Following, we’ll take a peek under the hood to examine:

  • The California 2025 wildfires and their impact on the state insurance market
  • Historical friction between regulators and carriers in the California P&C industry
  • Potential legislative and regulatory approaches to fix the issue
  • How P&C insurance carriers can adapt

2025 California Palisades wildfires

Jan. 7, 2025, residents of Pacific Palisades, California, called the fire department to report smoke in the area coming from an area near hiking trails where the department had put out a fire days earlier. Firefighters, already taxed by other calls, took longer than usual to respond. When the fire department arrived on scene, local drought conditions and unusually high winds had accelerated the blaze.
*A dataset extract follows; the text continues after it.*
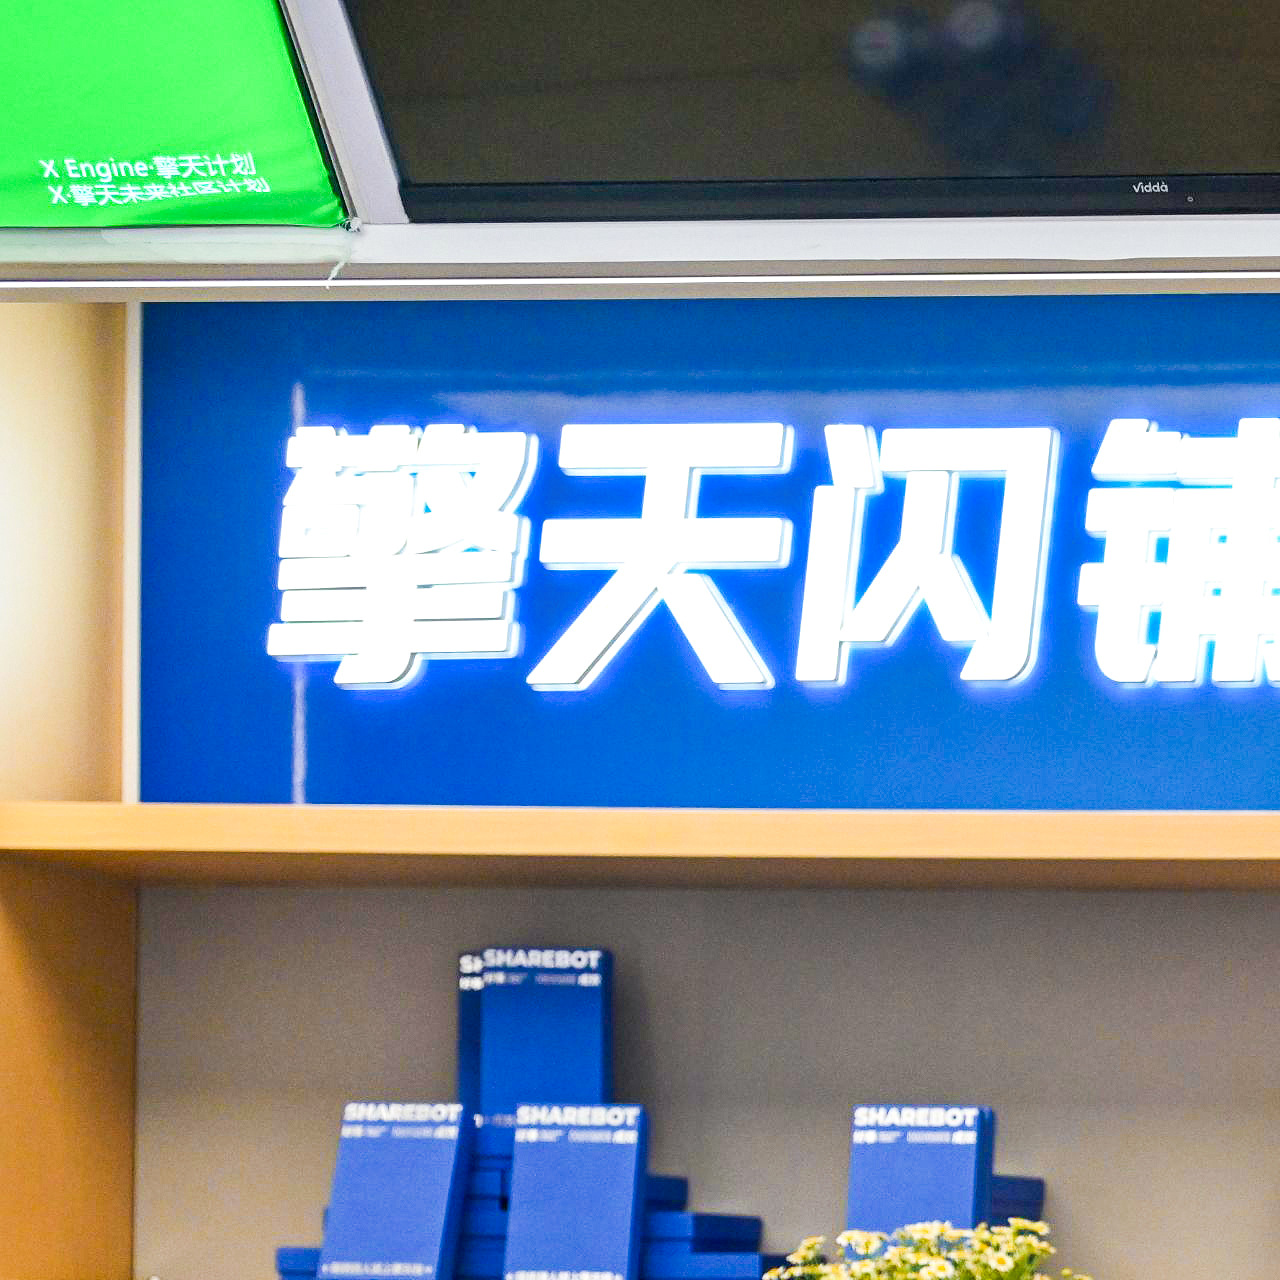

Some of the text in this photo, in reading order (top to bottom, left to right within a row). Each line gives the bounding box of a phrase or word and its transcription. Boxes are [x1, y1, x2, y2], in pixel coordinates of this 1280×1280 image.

Flames from this and another regional fire, the Eaton fire, weren’t “contained” by fire efforts until Jan. 31, 2025, after the fires consumed a combined nearly 50,000 acres, 29 human lives, and around 17,000 properties. More than 200,000 people were touched by evacuation orders, and no officials have yet estimated how many people will be left completely homeless in the wake of these events. A Verisk catastrophe model pinned possible insured losses to the fire alone (not including other damages such as smoke) between $30 billion to $35 billion. But, as anyone who’s been paying attention to California may have noticed, not every home and business carries insurance. One estimate pegs the uninsured total losses in the area near 10 percent.

California law requires insurers to maintain enough cashflow to pay out 100 percent of claims at any given time, so there’s little doubt that the policyholders whose homes and businesses burned will get recompense. However, among the insureds in the Palisades, more than 20 percent are covered by the state’s FAIR Plan, and about 12 percent of Eaton insureds are enrolled in the California FAIR Plan. The FAIR Plan, California’s state-managed insurer of last resort, limits coverage to a $3 million cap, which isn’t as much as it sounds in the Los Angeles area of the Golden State, where the median home listing price was $4.9 million in December 2024.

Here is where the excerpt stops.